*BRIEF:*
Write out every record below exactly, so that nothing differs from what is shown.

*DATA TO EXAMINE:*

============================================================

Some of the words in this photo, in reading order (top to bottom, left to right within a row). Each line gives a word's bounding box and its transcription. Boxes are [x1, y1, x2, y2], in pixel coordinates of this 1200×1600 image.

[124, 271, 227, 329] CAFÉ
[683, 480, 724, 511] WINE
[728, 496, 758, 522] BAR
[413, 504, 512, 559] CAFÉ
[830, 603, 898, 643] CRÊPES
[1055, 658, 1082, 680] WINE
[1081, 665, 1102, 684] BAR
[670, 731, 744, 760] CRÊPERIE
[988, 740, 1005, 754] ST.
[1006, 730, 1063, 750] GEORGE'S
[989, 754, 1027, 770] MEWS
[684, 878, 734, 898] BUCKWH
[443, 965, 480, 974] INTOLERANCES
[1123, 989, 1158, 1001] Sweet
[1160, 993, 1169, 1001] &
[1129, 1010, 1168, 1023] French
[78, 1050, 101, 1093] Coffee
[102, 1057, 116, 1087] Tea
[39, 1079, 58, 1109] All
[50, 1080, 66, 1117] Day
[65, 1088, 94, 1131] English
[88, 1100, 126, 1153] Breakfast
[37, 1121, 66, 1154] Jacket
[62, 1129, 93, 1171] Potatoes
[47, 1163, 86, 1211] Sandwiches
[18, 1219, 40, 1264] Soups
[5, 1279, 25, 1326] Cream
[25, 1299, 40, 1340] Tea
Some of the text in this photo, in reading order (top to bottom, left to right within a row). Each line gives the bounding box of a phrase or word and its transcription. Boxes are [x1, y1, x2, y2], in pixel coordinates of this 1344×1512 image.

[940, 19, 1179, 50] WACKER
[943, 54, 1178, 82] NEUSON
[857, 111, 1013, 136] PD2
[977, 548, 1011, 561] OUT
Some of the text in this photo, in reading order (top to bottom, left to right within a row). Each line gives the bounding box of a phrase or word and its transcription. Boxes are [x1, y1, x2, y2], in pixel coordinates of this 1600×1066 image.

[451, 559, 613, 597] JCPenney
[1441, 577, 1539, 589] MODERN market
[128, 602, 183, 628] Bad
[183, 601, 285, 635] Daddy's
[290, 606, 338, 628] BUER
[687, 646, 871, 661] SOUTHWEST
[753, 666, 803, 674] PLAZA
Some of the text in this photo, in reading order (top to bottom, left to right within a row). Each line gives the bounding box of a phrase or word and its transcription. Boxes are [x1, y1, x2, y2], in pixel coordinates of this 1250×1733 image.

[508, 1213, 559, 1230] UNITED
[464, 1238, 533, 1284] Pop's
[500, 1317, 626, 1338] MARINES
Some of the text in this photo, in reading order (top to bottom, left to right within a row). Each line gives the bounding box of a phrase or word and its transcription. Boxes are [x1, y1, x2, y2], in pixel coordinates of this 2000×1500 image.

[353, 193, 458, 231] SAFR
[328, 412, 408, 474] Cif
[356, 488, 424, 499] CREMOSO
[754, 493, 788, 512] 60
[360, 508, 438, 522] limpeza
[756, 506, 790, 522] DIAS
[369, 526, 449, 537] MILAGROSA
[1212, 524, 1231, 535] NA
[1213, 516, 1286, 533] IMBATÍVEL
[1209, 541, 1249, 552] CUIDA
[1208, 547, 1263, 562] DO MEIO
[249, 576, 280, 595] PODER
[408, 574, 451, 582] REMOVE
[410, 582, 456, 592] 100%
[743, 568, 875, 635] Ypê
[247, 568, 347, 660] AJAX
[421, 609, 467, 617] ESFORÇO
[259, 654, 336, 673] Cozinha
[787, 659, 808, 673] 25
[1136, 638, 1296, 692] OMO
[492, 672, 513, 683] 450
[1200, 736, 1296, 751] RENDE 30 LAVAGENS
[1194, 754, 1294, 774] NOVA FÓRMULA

============================================================

*RESULT BELOW:*
Some of the words in this photo, in reading order (top to bottom, left to right within a row). Each line gives a word's bounding box and its transcription. Boxes are [x1, y1, x2, y2], in pixel coordinates of this 1200×1600 image.

[124, 271, 227, 329] CAFÉ
[683, 480, 724, 511] WINE
[728, 496, 758, 522] BAR
[413, 504, 512, 559] CAFÉ
[830, 603, 898, 643] CRÊPES
[1055, 658, 1082, 680] WINE
[1081, 665, 1102, 684] BAR
[670, 731, 744, 760] CRÊPERIE
[988, 740, 1005, 754] ST.
[1006, 730, 1063, 750] GEORGE'S
[989, 754, 1027, 770] MEWS
[684, 878, 734, 898] BUCKWH
[443, 965, 480, 974] INTOLERANCES
[1123, 989, 1158, 1001] Sweet
[1160, 993, 1169, 1001] &
[1129, 1010, 1168, 1023] French
[78, 1050, 101, 1093] Coffee
[102, 1057, 116, 1087] Tea
[39, 1079, 58, 1109] All
[50, 1080, 66, 1117] Day
[65, 1088, 94, 1131] English
[88, 1100, 126, 1153] Breakfast
[37, 1121, 66, 1154] Jacket
[62, 1129, 93, 1171] Potatoes
[47, 1163, 86, 1211] Sandwiches
[18, 1219, 40, 1264] Soups
[5, 1279, 25, 1326] Cream
[25, 1299, 40, 1340] Tea
Some of the text in this photo, in reading order (top to bottom, left to right within a row). Each line gives the bounding box of a phrase or word and its transcription. Boxes are [x1, y1, x2, y2], in pixel coordinates of this 1344×1512 image.

[940, 19, 1179, 50] WACKER
[943, 54, 1178, 82] NEUSON
[857, 111, 1013, 136] PD2
[977, 548, 1011, 561] OUT
Some of the text in this photo, in reading order (top to bottom, left to right within a row). Each line gives the bounding box of a phrase or word and its transcription. Boxes are [x1, y1, x2, y2], in pixel coordinates of this 1600×1066 image.

[451, 559, 613, 597] JCPenney
[1441, 577, 1539, 589] MODERN market
[128, 602, 183, 628] Bad
[183, 601, 285, 635] Daddy's
[290, 606, 338, 628] BUER
[687, 646, 871, 661] SOUTHWEST
[753, 666, 803, 674] PLAZA
Some of the text in this photo, in reading order (top to bottom, left to right within a row). Each line gives the bounding box of a phrase or word and its transcription. Boxes are [x1, y1, x2, y2], in pixel coordinates of this 1250×1733 image.

[508, 1213, 559, 1230] UNITED
[464, 1238, 533, 1284] Pop's
[500, 1317, 626, 1338] MARINES
Some of the text in this photo, in reading order (top to bottom, left to right within a row). Each line gives the bounding box of a phrase or word and its transcription. Boxes are [x1, y1, x2, y2], in pixel coordinates of this 2000×1500 image.

[353, 193, 458, 231] SAFR
[328, 412, 408, 474] Cif
[356, 488, 424, 499] CREMOSO
[754, 493, 788, 512] 60
[360, 508, 438, 522] limpeza
[756, 506, 790, 522] DIAS
[369, 526, 449, 537] MILAGROSA
[1212, 524, 1231, 535] NA
[1213, 516, 1286, 533] IMBATÍVEL
[1209, 541, 1249, 552] CUIDA
[1208, 547, 1263, 562] DO MEIO
[249, 576, 280, 595] PODER
[408, 574, 451, 582] REMOVE
[410, 582, 456, 592] 100%
[743, 568, 875, 635] Ypê
[247, 568, 347, 660] AJAX
[421, 609, 467, 617] ESFORÇO
[259, 654, 336, 673] Cozinha
[787, 659, 808, 673] 25
[1136, 638, 1296, 692] OMO
[492, 672, 513, 683] 450
[1200, 736, 1296, 751] RENDE 30 LAVAGENS
[1194, 754, 1294, 774] NOVA FÓRMULA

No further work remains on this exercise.